The computational cardiac simulation study has a growing role and allows the non-invasive identification of atrial reentries in AF38. The contemporary clinical 3D mapping system has enabled electro-anatomical mapping of the atrium in detail after heart image integration, but it is not possible for identifying non-stationary AF drivers or spiral reentries of sustained AF by a point-to-point catheter mapping. Although the entire chamber AF mapping technique, such as focal impulse and rotor mapping (FIRM)33 and panoramic mapping34, has been developed, there is a limit to the spatial resolution of the AF map. In recent years, high-performance modeling reflecting the MRI late gadolinium-enhanced fibrosis, fiber orientation, and atrial thickness has been developed and has been clinically applied (Supplementary Table S1)39,40,41,42. Using this sophisticated simulation modeling, high-density entire chamber mapping of AF, reflecting personalized anatomy, fiber orientation, and fibrosis is possible. Nevertheless, evidence of the relationship between MRI-characterized scar and real histological fibrosis has not been proven except in ischemic cardiomyopathy, and bilayer atrial modeling is still best for the application of the atrial wall thickness40. Despite the relatively well-developed AF modeling technology, the highest hurdle in applying the simulation to clinical practice is the long calculation time. In this study, high-speed, high-density, whole-chamber AF mapping using personalized electrophysiologic mapping data was made possible by speeding up the computing calculation, and the simulation results were directly applied to the AF ablation procedure. By using this in situ procedural high-efficiency modeling of AF, we expect to be able to increase the ablation success rate of PeAF patients by detecting and ablating more precise, reproducible, and consistent extra-PV AF drivers.
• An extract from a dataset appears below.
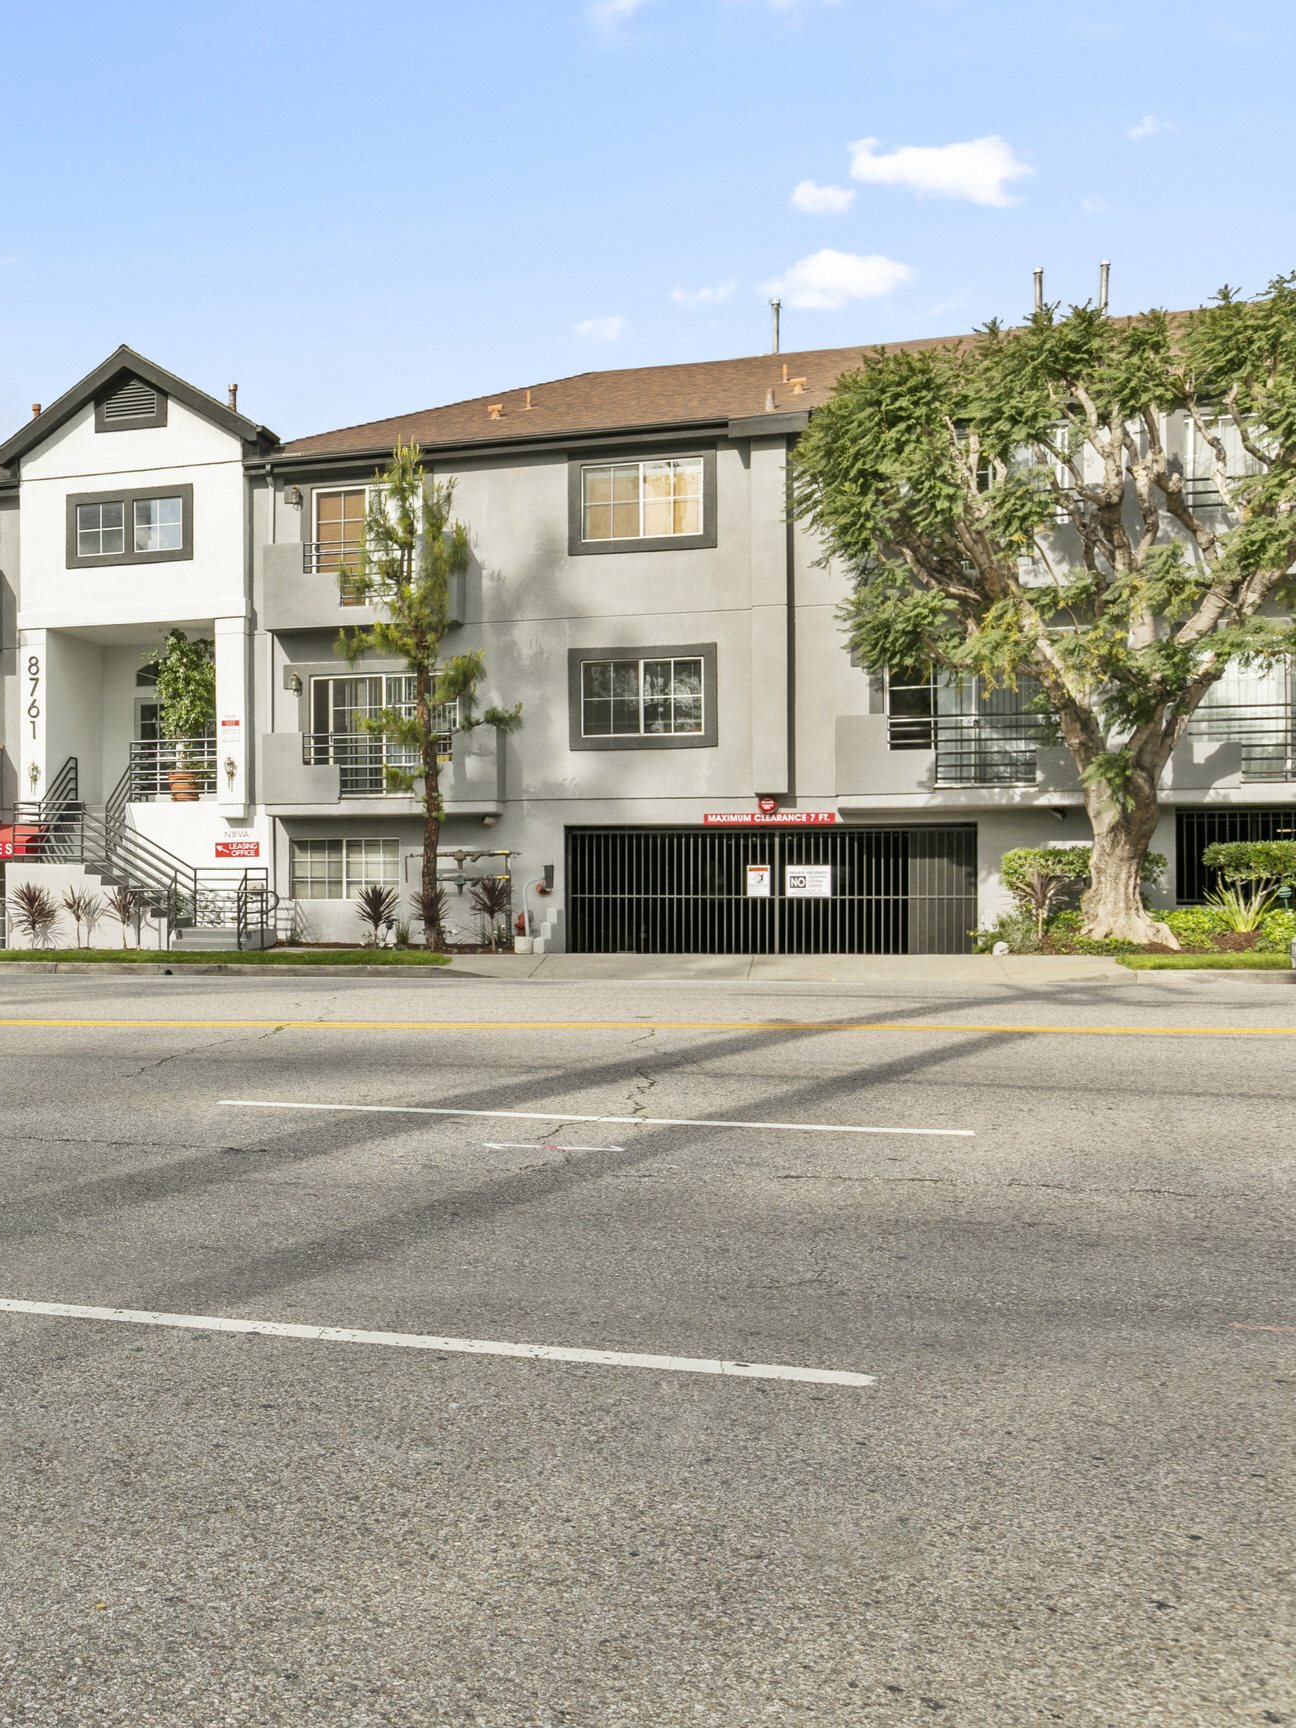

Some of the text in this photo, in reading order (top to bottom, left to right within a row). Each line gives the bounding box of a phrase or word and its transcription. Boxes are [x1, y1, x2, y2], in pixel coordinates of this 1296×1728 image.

Although this study considered patient-specific atrial anatomy, fiber orientation, fibrosis, and electrophysiology in a realistic in silico modeling of AF, the model was a monolayer design. An atrial thickness variation could affect the wave propagation in the area of an abrupt change in the fiber orientation, but the wave propagation pattern of the monolayer model is reported to be similar to that of the multilayer model43. Moreover, we could not reflect the epicardial conduction pattern by the endocardially-acquired clinical voltage and local activation pattern. A reflection of the accurate atrial wall thickness may improve the elaborate wave-dynamics analyses as well as be applicable to radiofrequency energy titration during clinical AF ablation. We did not analyze the AF after multiple site stimulation. Although the AF dynamics can be affected by the induction site44, the spatial distribution of the AF wave dynamic parameters does not significantly differ from spontaneously induced AF, regardless of the induction site45. The clinical relevance of the study was limited due to the lack of clinical data on simulation-guided ablation, and a well-designed clinical trial is warranted. The DF and PS might be insufficient to characterize the complex AF wave-dynamics and to guide ablation, because the fibrillation process is complex and driven by focal sources or a pure multiple wavelet mechanism. The validity of the PS in the identification of reentrant activity is still controversial46. Although the registration between the electroanatomical map and the CT model was performed by an experienced technician, we cannot exclude any registration error47 during the clinical mapping process that may have had an impact on the accuracy of the model. In a recent study, the time required for the PVI was shortened by attempting ablation with high-power, short-duration radiofrequency energy. Therefore, further shortening of the simulation computation time is required. The current realistic AF model was simulated using invasive clinical data, and simulation using less invasive clinical data is necessary for the use of this model in a wider range of AF patients.

Conclusion

We developed a realistic simulation model for AF reflecting personal anatomy, fiber orientation, fibrosis, and electrophysiology using a bipolar electrogram-generated map acquired during the AF ablation procedure. This high-performance model would enable a patient-specific virtual intervention or virtual drug therapy after further validation.